Some skeptical teams red-flagged the former University of Kentucky star during the pre-draft process, using his supposed lack of love for the game and a puzzling ankle injury as means to erase his name from a list of possible selections. Those concerns must have been well-founded, too. It’s not like the league is overflowing with hyper-athletic 7-footers who possess clear Defensive of the Year potential. Questions of approach and health were the only factors keeping Cauley-Stein from being a sure-thing prospect.
After just a few days of training camp in early October, local reports suggested the rookie’s lack of conditioning would limit him to bit player in the season’s early going – and recalled those unknowns that scared other franchises away in the first place. Nevertheless, Cauley-Stein was effective in bursts over the first few weeks of his professional debut. He averaged 4.6 points, 5.2 rebounds, and 1.1 blocks in 19.0 minutes per game from late October to the end of November, establishing himself as a normal starter despite coming off the bench in the first game of his career.
But that surprising success would be short-lived. Cauley-Stein missed 12 games with a dislocated right index finger in December, and he returned to the court almost a full month later in less than game shape. The ever-prickly George Karl made sure the public knew about it, too.
“I’ve not seen his conditioning, and I have a feeling it’s probably behind a little bit to play as fast as we want to play,” the veteran coach told Jason Jones of The Sacramento Bee after Cauley-Stein played just five minutes in his first game back from injury. “I think the thing that sticks in the back of my head is I didn’t think he was in great shape in training camp, so I’m worried.”
Now, though, it’s safe to say that doubt is firmly in Karl’s periphery when it comes to coaching his rookie. Ever since Cauley-Stein recovered from a laceration on the same finger that cost him two games just past the New Year, he’s been an instrumental piece of the puzzle for Sacramento, which has not so coincidentally won eight of its past 14 games to emerge as a serious contender for a playoff spot in the Western Conference.

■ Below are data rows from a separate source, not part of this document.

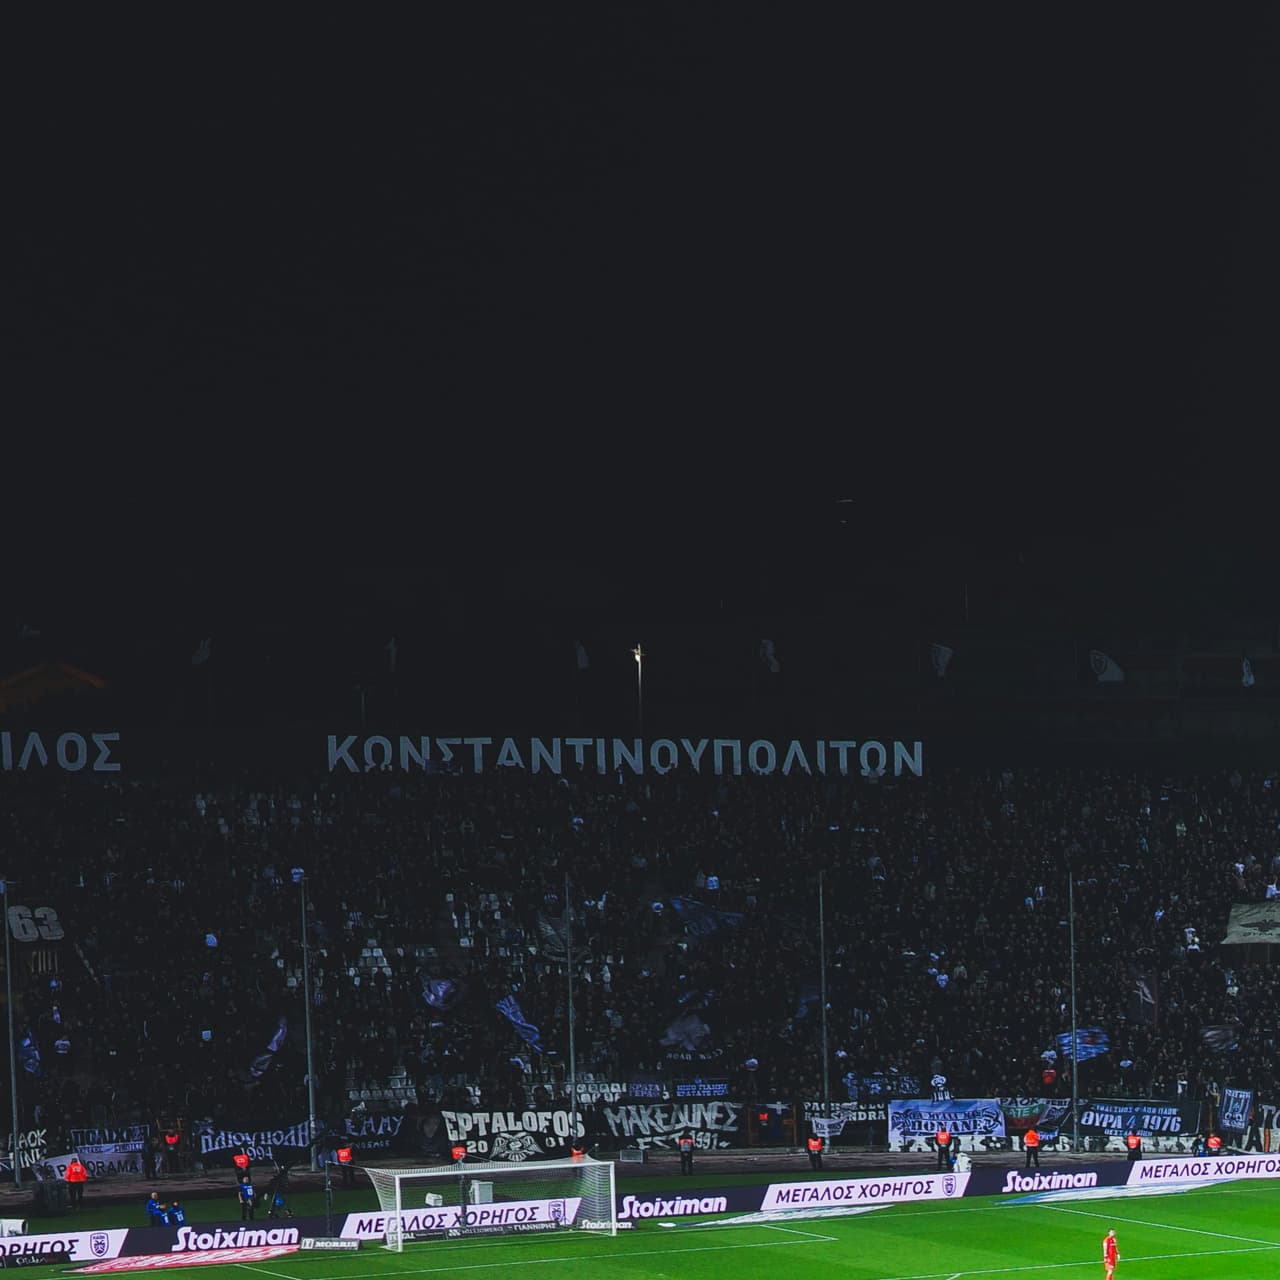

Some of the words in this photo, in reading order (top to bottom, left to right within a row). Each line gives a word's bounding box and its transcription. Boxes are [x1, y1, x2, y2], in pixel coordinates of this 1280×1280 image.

[327, 734, 923, 777] ΚΩΝΣΤΑΝΤΙΝΟΥΠΟΛΙΤΩΝ
[7, 905, 64, 942] 63
[441, 1110, 585, 1142] EPTALOFOS
[1080, 1111, 1123, 1129] ΘΥΡΑ
[1126, 1114, 1138, 1128] 4
[1141, 1114, 1182, 1133] 1976
[1001, 1171, 1098, 1193] Stoiximan
[1140, 1162, 1211, 1179] ΜΕΓΑΛΟΣ
[776, 1185, 855, 1204] ΜΕΓΑΛΟΣ
[859, 1180, 935, 1199] ΧΟΡΗΓΟΣ
[452, 1206, 539, 1228] ΧΟΡΗΓΟΣ
[618, 1196, 727, 1219] Stoiximan
[172, 1226, 300, 1251] Stoiximan

Circumstances surrounding the 22-year-old’s improved play and seemingly permanent spot as a starter need nuance. Cauley-Stein was certainly never going to put up eye-popping raw numbers this season, and may never notch the per-game averages normally expected from a player of his draft position. There’s a reason everyone’s favorite player comparison for him is a younger Tyson Chandler, basically. Cauley-Stein is far more likely to reach his star-level ceiling as an all-court defensive ace and pick-and-roll monster than primary scorer.